INFORMATION SHOWN section start

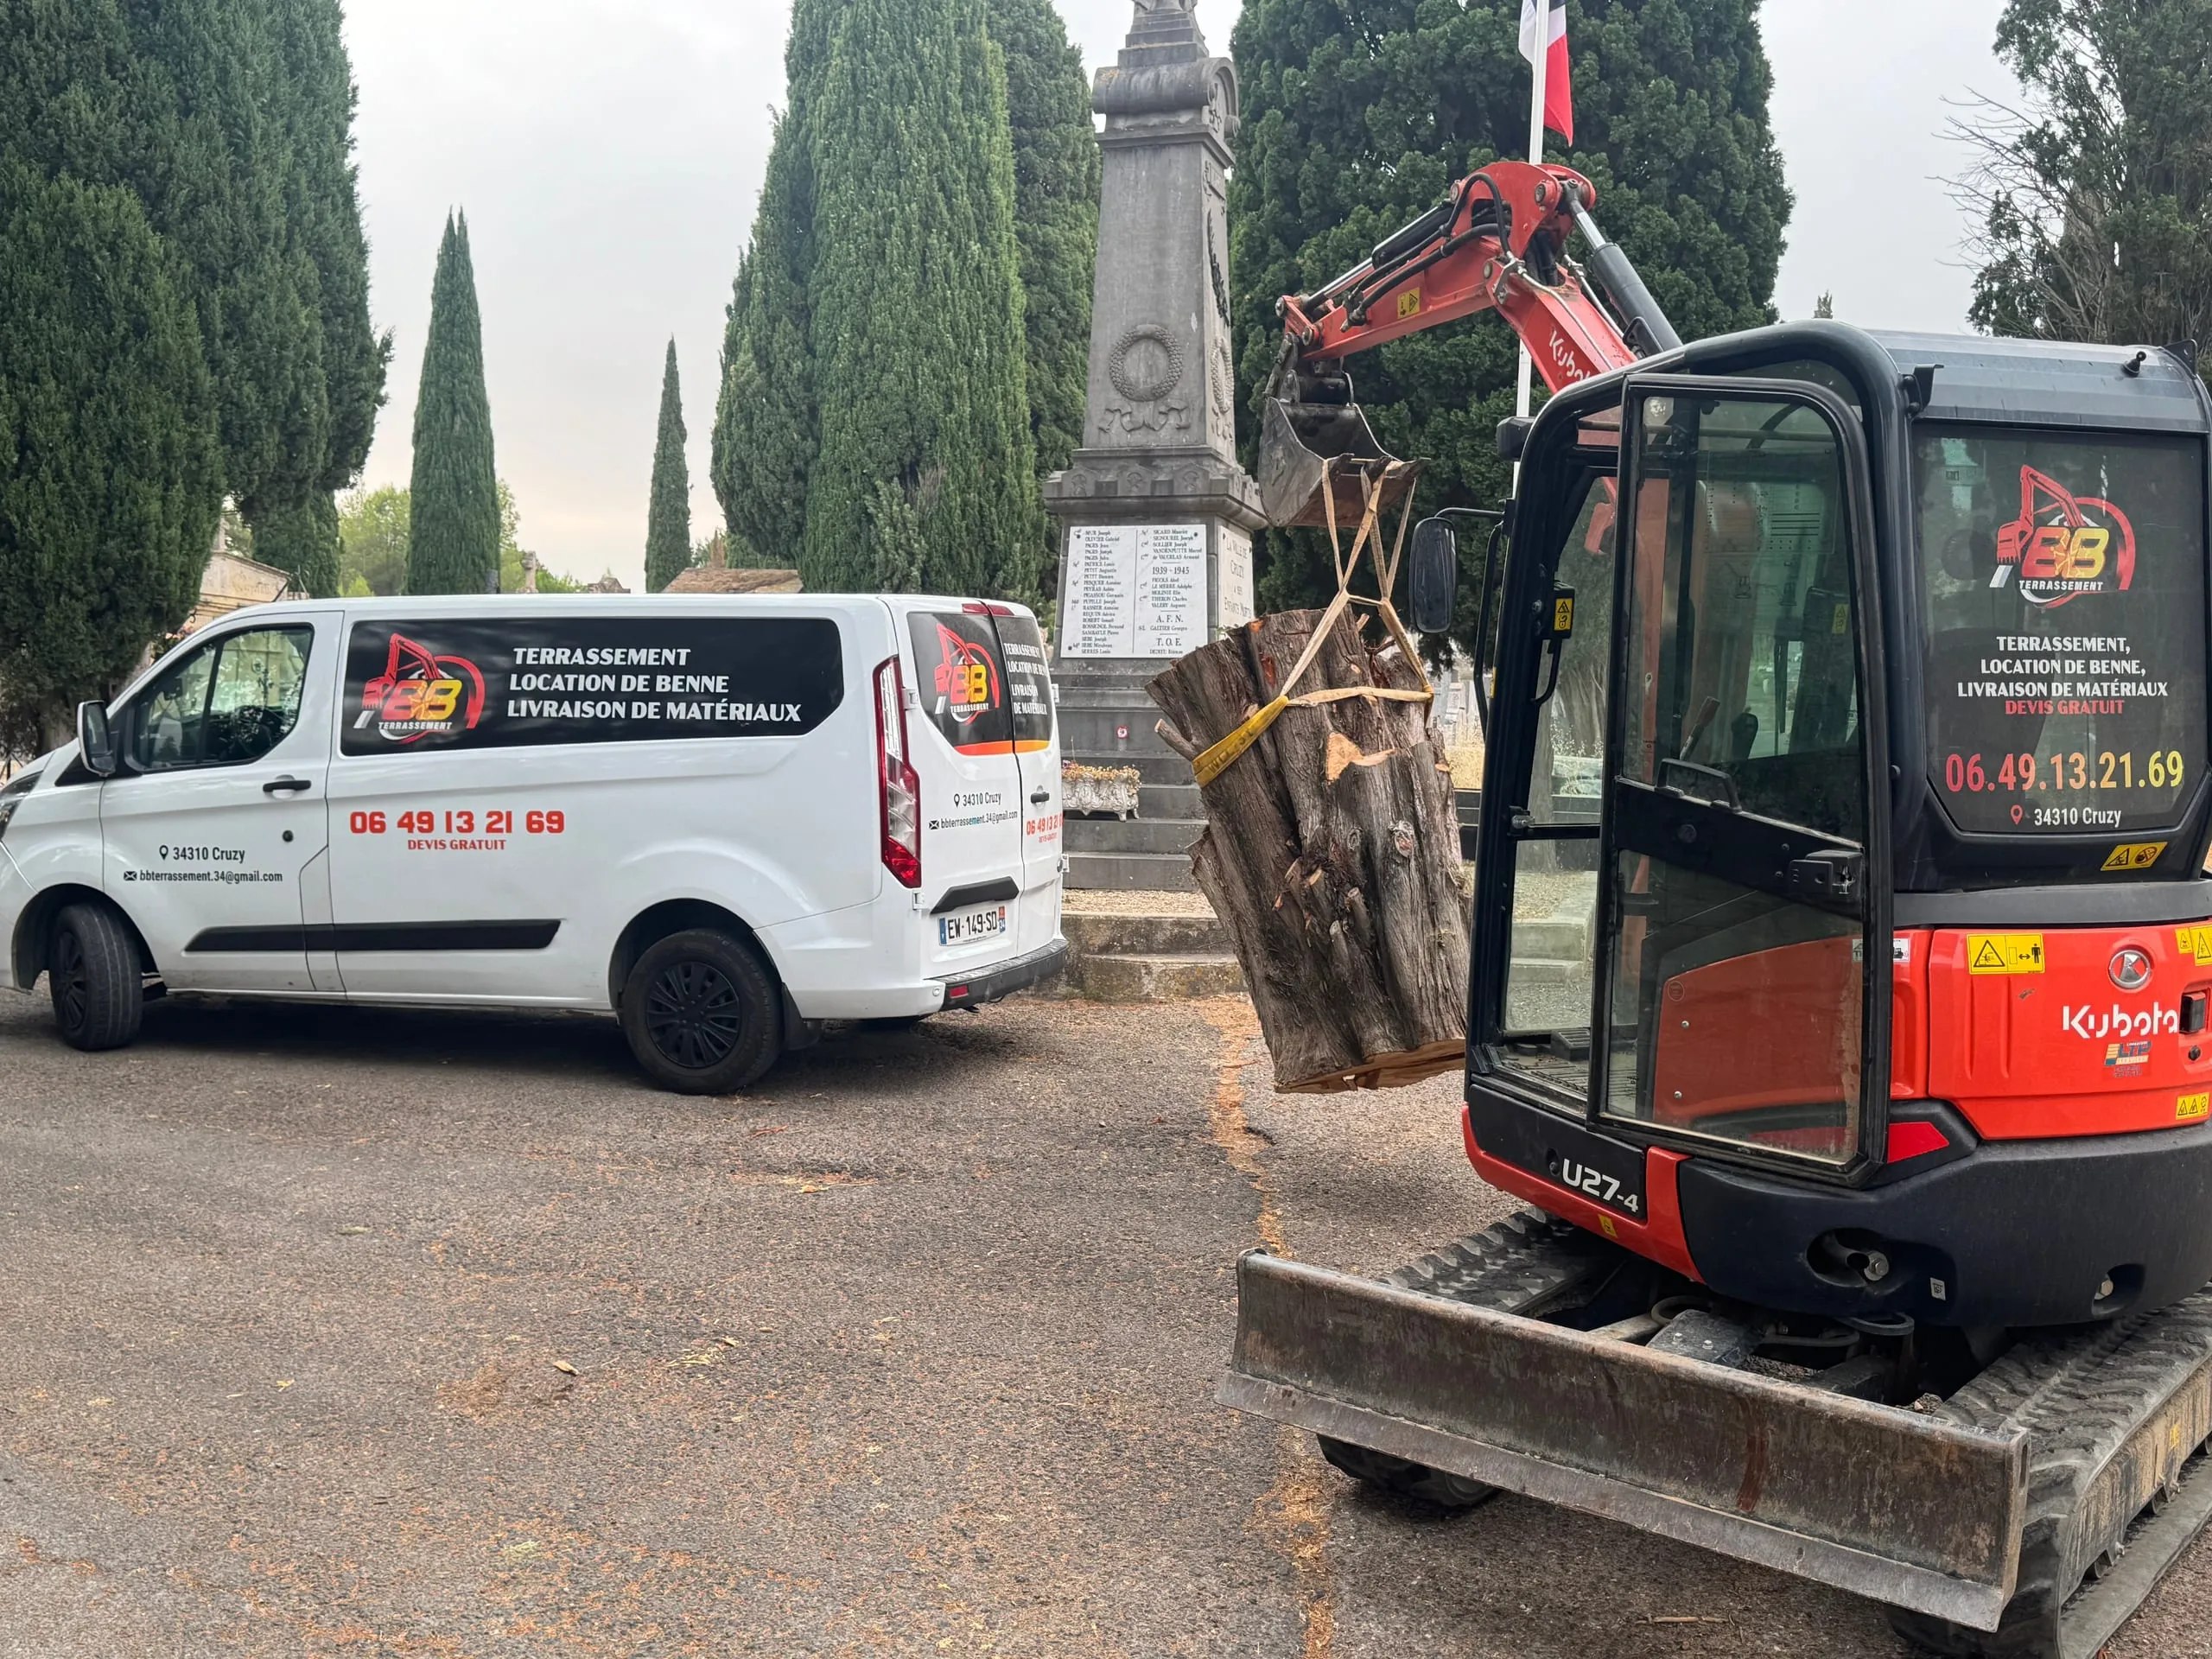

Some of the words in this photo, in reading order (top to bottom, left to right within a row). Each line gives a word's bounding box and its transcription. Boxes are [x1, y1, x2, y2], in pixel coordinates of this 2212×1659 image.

[1549, 330, 1591, 380] Kubo
[1152, 566, 1168, 575] 1939
[1173, 566, 1190, 575] 1945
[2018, 580, 2103, 591] TERRASSEMENT
[1996, 636, 2131, 654] TERRASSEMENT,
[513, 647, 691, 667] TERRASSEMENT
[1980, 658, 2061, 674] LOCATION
[2064, 659, 2086, 674] DE
[2089, 659, 2146, 677] BENNE,
[509, 673, 616, 692] LOCATION
[620, 674, 651, 692] DE
[655, 675, 729, 693] BENNE
[1957, 682, 2048, 697] LIVRAISON
[2051, 682, 2073, 697] DE
[2076, 678, 2169, 697] MATÉRIAUX
[507, 699, 626, 719] LIVRAISON
[631, 702, 660, 720] DE
[665, 697, 801, 722] MATÉRIAUX
[2005, 700, 2055, 715] DEVIS
[2057, 699, 2126, 715] GRATUIT
[378, 721, 453, 730] TERRASSEMENT
[1945, 750, 2183, 792] 06.49.13.21.69
[962, 792, 983, 807] 34310
[984, 791, 1001, 805] Cruzy
[350, 810, 386, 834] 06
[397, 810, 434, 834] 49
[445, 810, 474, 834] 13
[486, 810, 512, 834] 21
[525, 810, 565, 834] 69
[1027, 820, 1036, 836] 06
[1037, 817, 1046, 832] 49
[2034, 807, 2078, 826] 34310
[2082, 807, 2122, 828] Cruzy
[408, 839, 448, 851] DEVIS
[449, 839, 506, 851] GRATUIT
[173, 847, 208, 861] 34310
[213, 847, 245, 864] Cruzy
[139, 869, 283, 884] bbterrassement.34@gmail.com
[2063, 1001, 2178, 1039] Kubota
[1562, 1158, 1639, 1213] U27-4

INFORMATION SHOWN section end

**YOUR GOAL:** Reproduce each entry exactly as given; no pictures, please.

**ANSWER BELOW:**
Some of the words in this photo, in reading order (top to bottom, left to right within a row). Each line gives a word's bounding box and its transcription. Boxes are [x1, y1, x2, y2], in pixel coordinates of this 2212×1659 image.

[1549, 330, 1591, 380] Kubo
[1152, 566, 1168, 575] 1939
[1173, 566, 1190, 575] 1945
[2018, 580, 2103, 591] TERRASSEMENT
[1996, 636, 2131, 654] TERRASSEMENT,
[513, 647, 691, 667] TERRASSEMENT
[1980, 658, 2061, 674] LOCATION
[2064, 659, 2086, 674] DE
[2089, 659, 2146, 677] BENNE,
[509, 673, 616, 692] LOCATION
[620, 674, 651, 692] DE
[655, 675, 729, 693] BENNE
[1957, 682, 2048, 697] LIVRAISON
[2051, 682, 2073, 697] DE
[2076, 678, 2169, 697] MATÉRIAUX
[507, 699, 626, 719] LIVRAISON
[631, 702, 660, 720] DE
[665, 697, 801, 722] MATÉRIAUX
[2005, 700, 2055, 715] DEVIS
[2057, 699, 2126, 715] GRATUIT
[378, 721, 453, 730] TERRASSEMENT
[1945, 750, 2183, 792] 06.49.13.21.69
[962, 792, 983, 807] 34310
[984, 791, 1001, 805] Cruzy
[350, 810, 386, 834] 06
[397, 810, 434, 834] 49
[445, 810, 474, 834] 13
[486, 810, 512, 834] 21
[525, 810, 565, 834] 69
[1027, 820, 1036, 836] 06
[1037, 817, 1046, 832] 49
[2034, 807, 2078, 826] 34310
[2082, 807, 2122, 828] Cruzy
[408, 839, 448, 851] DEVIS
[449, 839, 506, 851] GRATUIT
[173, 847, 208, 861] 34310
[213, 847, 245, 864] Cruzy
[139, 869, 283, 884] bbterrassement.34@gmail.com
[2063, 1001, 2178, 1039] Kubota
[1562, 1158, 1639, 1213] U27-4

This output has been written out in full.